Georgia pushes back Biden’s reassessment of health plan

ATLANTA – The Biden administration’s decision to reassess Georgia’s plan to overhaul the way state residents purchase health insurance under the Affordable Care Act comes as a “surprise” and suggests that she wants to review approval of the plan, which is not allowed, Gov. Brian Kemp’s office said. .

Georgia’s plan – dubbed “Georgia Access” – would improve the insurance buying experience and encourage the private sector to enroll uninsured Georgian residents, said the director of the Office of Strategy and Coordination of the Kemp’s health in a letter to the Federal Centers for Medicare and Medicaid. Services.

“Despite unsubstantiated claims to the contrary, Georgia Access will provide consumers in our state with quality insurance coverage that is more affordable than a single federal solution,” states Grant Thomas’ letter. It is dated July 2 and was first reported by Georgia Health News.

As part of the Republican governor’s plan, residents of Georgia would bypass and purchase federally subsidized health insurance through private agents.

Critics fear the move will make it harder to buy insurance and lead healthy people to cheaper plans with limited coverage, raising insurance premiums for the elderly and sick who need the benefits. full benefits required by ACA. This is because Georgia’s move to private websites would make it easier for consumers to simultaneously view plans that do not provide all of the benefits required by ACA.

Former President Donald Trump’s administration approved the state’s plan last year, and state officials touted it as a way to improve insurance coverage. Democrat Joe Biden’s administration has sought to strengthen the ACA – President Barack Obama’s healthcare law.

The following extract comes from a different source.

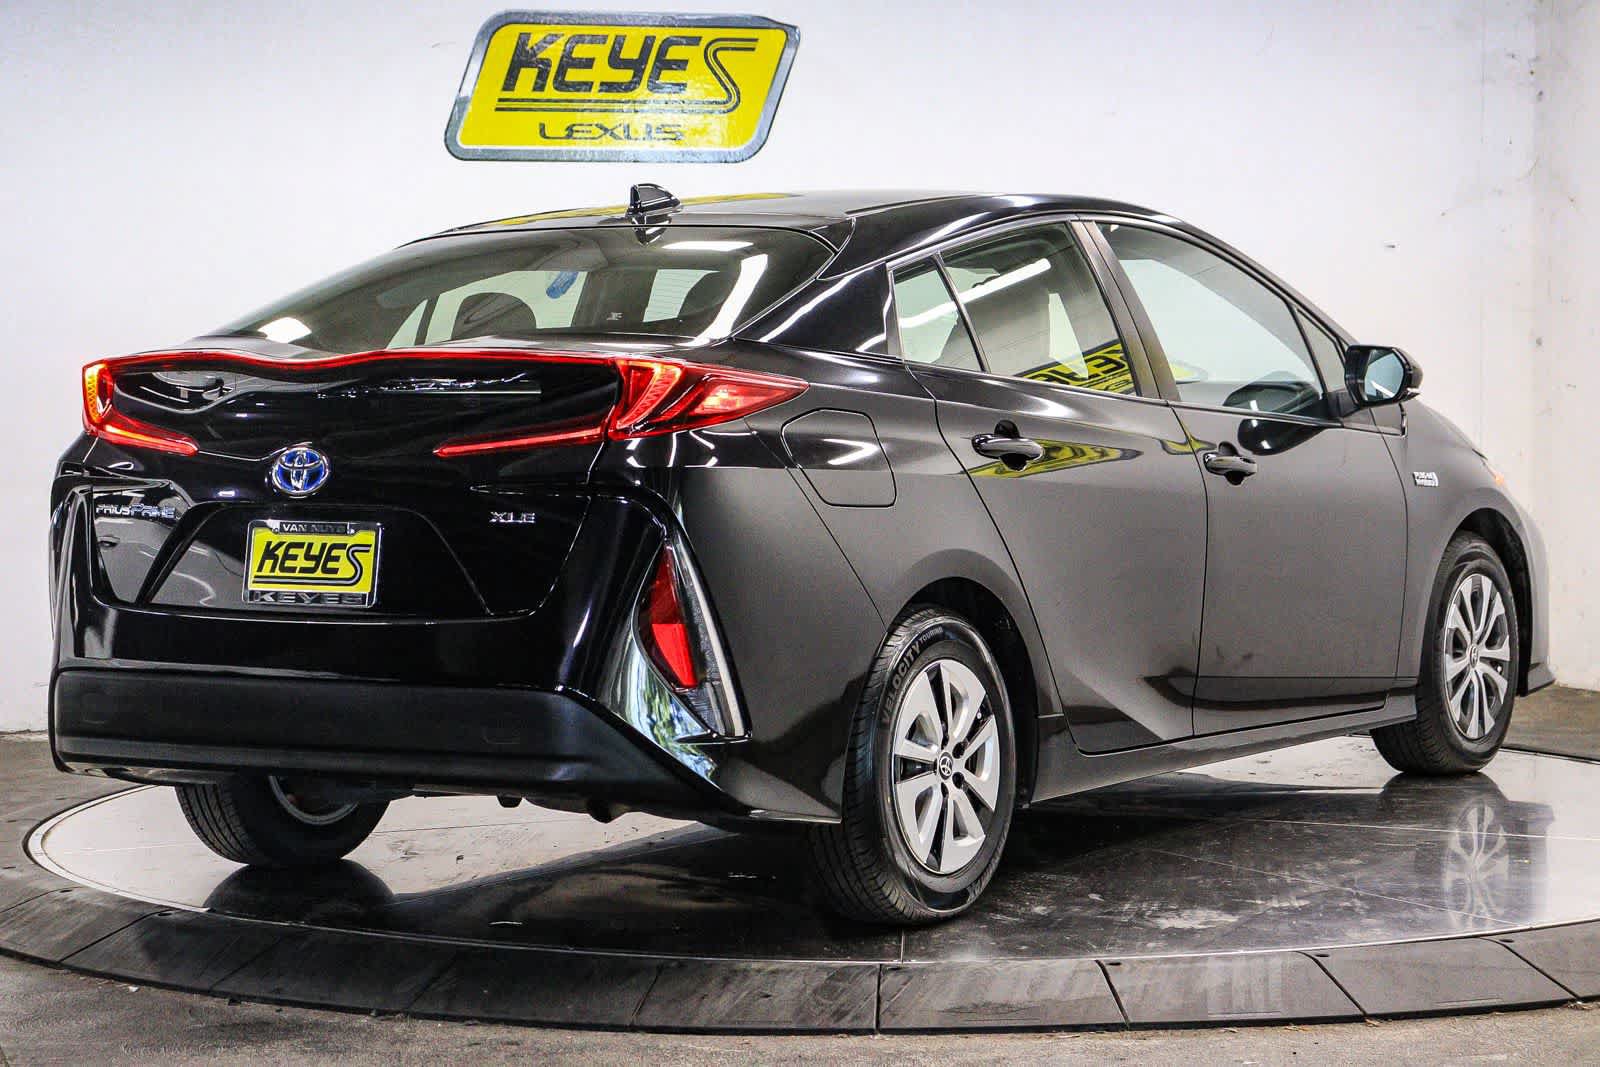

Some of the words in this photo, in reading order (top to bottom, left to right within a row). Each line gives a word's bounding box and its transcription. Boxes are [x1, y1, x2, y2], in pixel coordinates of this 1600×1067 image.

In a letter to Kemp last month, the US Department of Health and Human Services expressed concerns over the proposal to involve the private sector, not the government, in outreach activities to bring residents state to purchase insurance under the ACA. Georgia had not indicated any specific financial commitment from the private sector to engage in commercialization, federal health officials said.

The letter – signed by Chiquita Brooks LaSure, head of the Centers for Medicare and Medicaid Services – noted that the Biden administration had increased funding to market ACA and expanded grants and tax credit eligibility to purchase insurance. through the program. He asked Georgian officials to factor these changes into updated “actuarial and economic analyzes” to see if their plan would meet federal requirements, including covering a comparable number of people and offering full benefits.

In his letter, Thomas said that 11 insurance companies, including five new ones, and eight registration providers have committed to participating in Georgia Access. The state has already made “substantial” investments in its plan in addition to investments by private groups. The letter asks for clarification on the Biden administration’s request, including how it meets the terms and conditions of the Trump administration’s approval. These conditions, Thomas said, do not allow federal officials to “reopen approval” of the plan.